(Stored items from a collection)

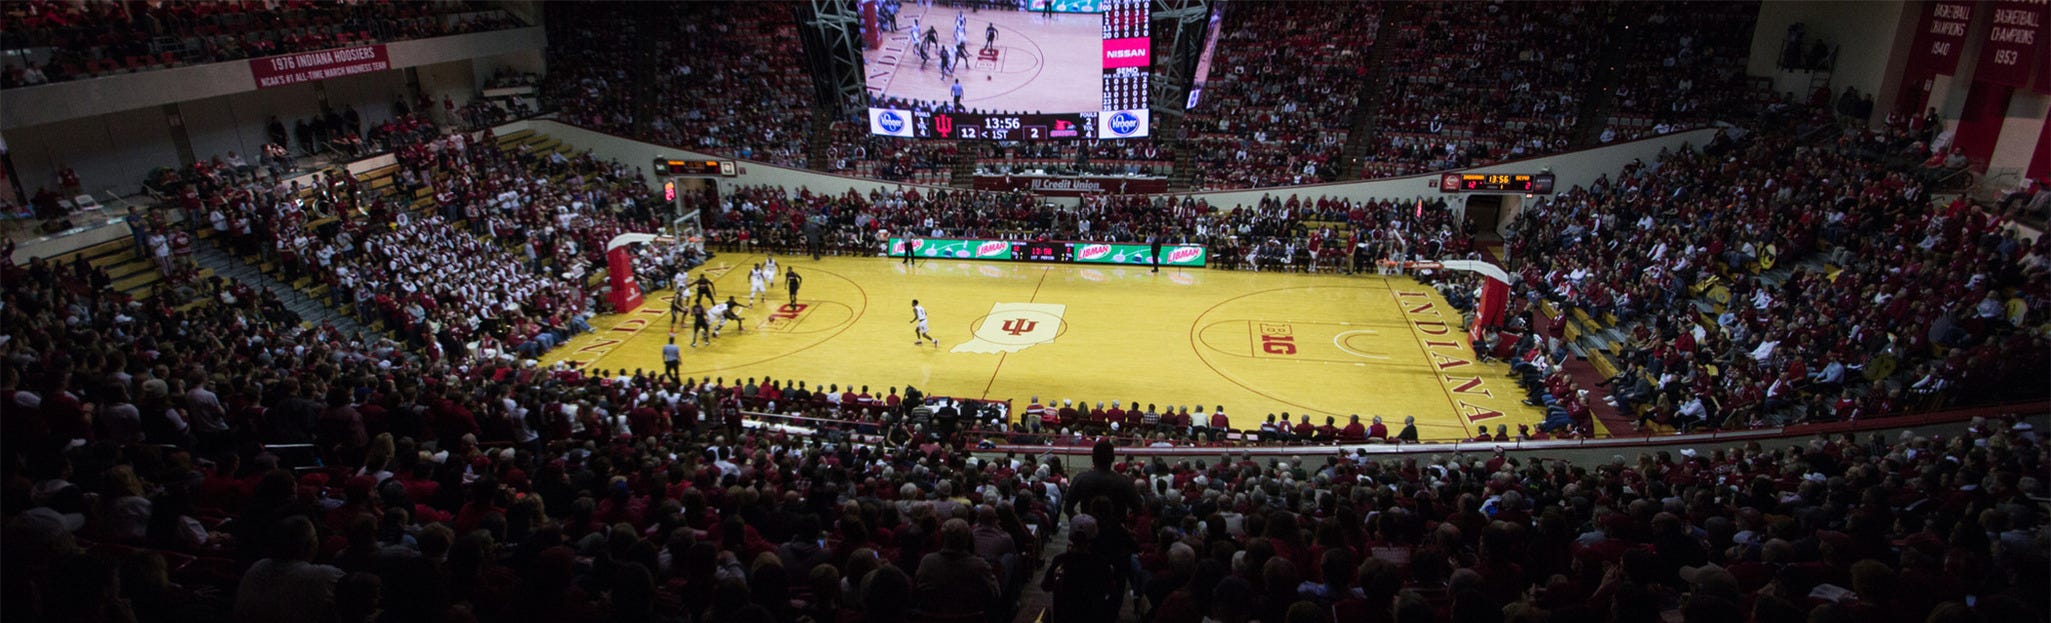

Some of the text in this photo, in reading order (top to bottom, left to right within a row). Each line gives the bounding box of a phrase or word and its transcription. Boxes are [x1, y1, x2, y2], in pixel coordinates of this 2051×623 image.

[1934, 3, 1971, 20] BASKETBALL
[1993, 9, 2040, 27] BASKETBALL
[1930, 20, 1966, 36] CHAMPIONS
[1990, 27, 2035, 45] CHAMPIONS
[271, 47, 375, 71] 1976 INDIANA HOOSIERS
[1107, 49, 1146, 58] NISSAN
[1994, 49, 2018, 65] 1953
[261, 76, 285, 87] NCAA'S
[296, 70, 323, 82] ALL-TIME
[324, 68, 345, 76] MARCH
[346, 64, 372, 74] MADNESS
[373, 61, 386, 70] TEAM
[880, 114, 902, 131] Kroger
[985, 118, 1020, 129] 13:56
[1112, 115, 1137, 132] Kroger
[961, 128, 976, 138] 12
[992, 131, 1008, 139] 1ST
[1031, 128, 1039, 138] 2
[1043, 179, 1071, 189] Credit
[1073, 180, 1100, 189] Union
[1489, 175, 1509, 183] 13:56
[1525, 181, 1531, 190] 2
[975, 240, 1006, 257] LIBMAN
[1077, 245, 1108, 261] LIBMAN
[1167, 248, 1198, 264] LIBMAN
[1397, 290, 1504, 425] INDIANA

▶ _Directions_: Every line above should be output exactly, except for the pictures.

▶ _Solution_:
Some of the text in this photo, in reading order (top to bottom, left to right within a row). Each line gives the bounding box of a phrase or word and its transcription. Boxes are [x1, y1, x2, y2], in pixel coordinates of this 2051×623 image.

[1934, 3, 1971, 20] BASKETBALL
[1993, 9, 2040, 27] BASKETBALL
[1930, 20, 1966, 36] CHAMPIONS
[1990, 27, 2035, 45] CHAMPIONS
[271, 47, 375, 71] 1976 INDIANA HOOSIERS
[1107, 49, 1146, 58] NISSAN
[1994, 49, 2018, 65] 1953
[261, 76, 285, 87] NCAA'S
[296, 70, 323, 82] ALL-TIME
[324, 68, 345, 76] MARCH
[346, 64, 372, 74] MADNESS
[373, 61, 386, 70] TEAM
[880, 114, 902, 131] Kroger
[985, 118, 1020, 129] 13:56
[1112, 115, 1137, 132] Kroger
[961, 128, 976, 138] 12
[992, 131, 1008, 139] 1ST
[1031, 128, 1039, 138] 2
[1043, 179, 1071, 189] Credit
[1073, 180, 1100, 189] Union
[1489, 175, 1509, 183] 13:56
[1525, 181, 1531, 190] 2
[975, 240, 1006, 257] LIBMAN
[1077, 245, 1108, 261] LIBMAN
[1167, 248, 1198, 264] LIBMAN
[1397, 290, 1504, 425] INDIANA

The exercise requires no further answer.